Man I hope they fix this, and as a patch if possible, and long before an entirely new version of the browser is released. What good does a new browser do for e-commerce if it can't let people buy online.
Is anyone using NN6 regularly? Are there situations where it has functioned properly connecting to secure servers? I'd like to understand this bug better, but information is very scarce. Maybe it's only a problem with certain types of certificates, or whatever.
Any input is welcome. Inquiring minds want to know!
Edited by: tedster
I run an e-comm site. When it was first released I had heard about that. I download NN 6 and then rebooted. I then went to my site and placed an order. The last step on the order process is an SSL directory hit for the secure order form. No problems were encountered.

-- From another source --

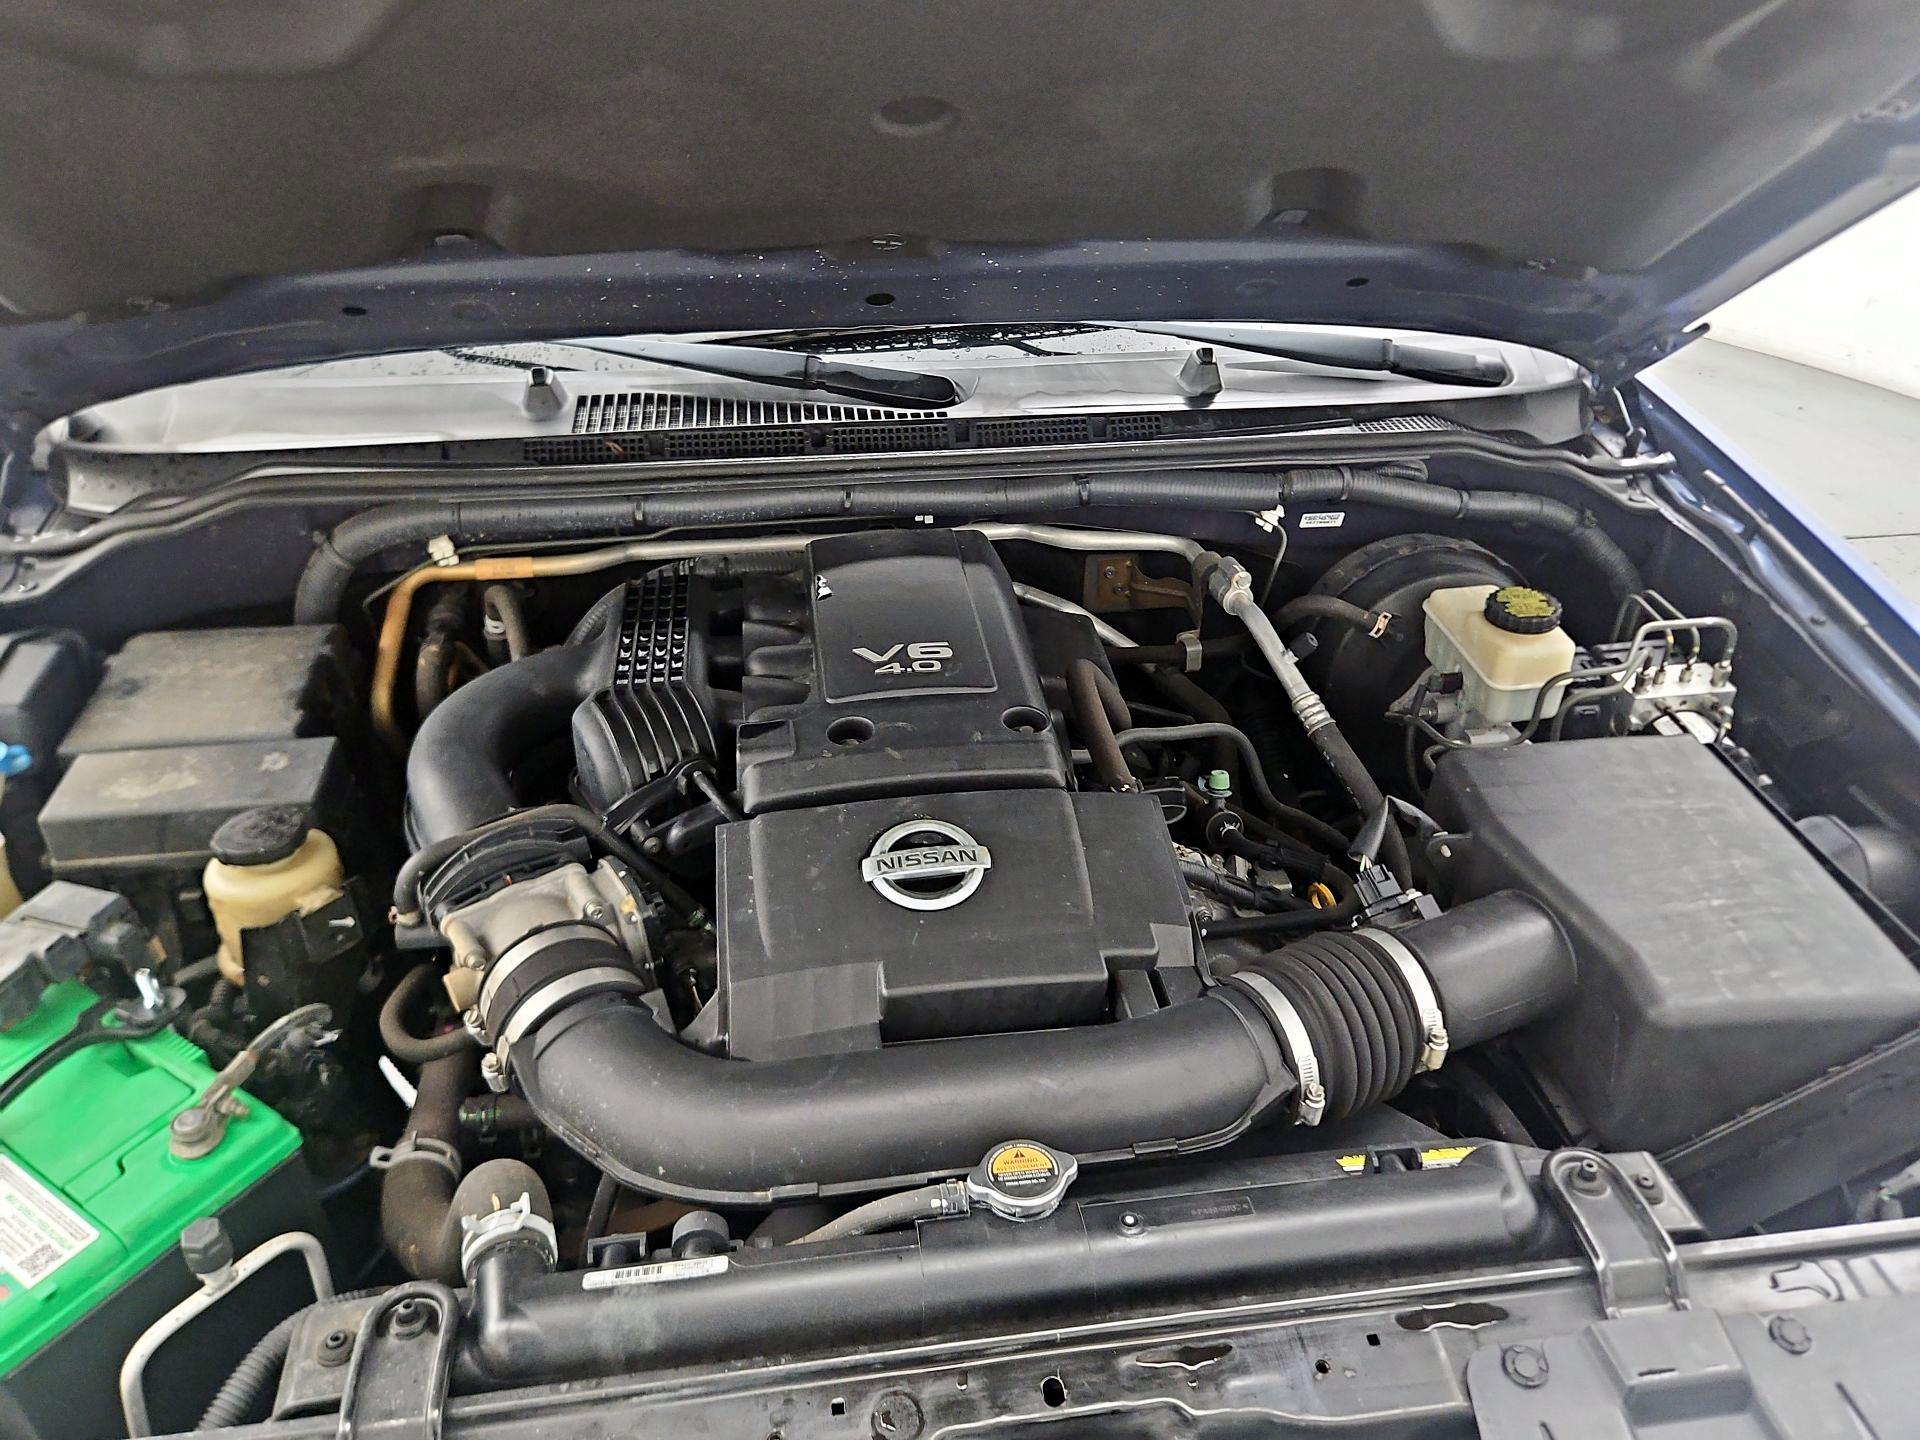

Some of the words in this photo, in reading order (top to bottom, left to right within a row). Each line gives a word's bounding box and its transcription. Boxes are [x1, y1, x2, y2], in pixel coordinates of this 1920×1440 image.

Now I believe, I do stress "believe" as it is A) Friday B) 7:00 a.m. C) First drink of my Mt. Dew (would you trust a server rebuild from me under these conditions ;)) that it has to do with 40 bit certs and 128 bit certs on the servers you are hitting. If it is 40 then NN 6 bombs, if it is 128 NN 6 is :).
I do not have the article at hand but I remember reading this "somewhere". My URL is in my profile for testing purposes if you would like.
The first thing to try is to install PSM 1.3 (I believe 1.2 is included with NS6) from this URL: [docs.iplanet.com...]
[on an unrelated note, it sure is nice to be able to cut-and-paste that URL now that the context menu for the location bar is in Mozilla nightlies]
You should be able to simply ignore the installation instructions. Just click on the installation button and it should overwrite the PSM that NS6 installed by default. The excessively complicated instructions are designed to deal with multiple installations.
Have you been a part of developing the source code? Your familiarity with the issues and their remedies is extremely useful. I greatly appreciate your contributions, and I hope you can continue to keep us up to date on key issues.
Of course, I'm also playing with Opera a bit now, too. If these two can grab 30%-40% of the browser market between them, my hope is that MS will feel pressure to play catch-up on standards and I can finally write pages without MSIE and NN4 workarounds.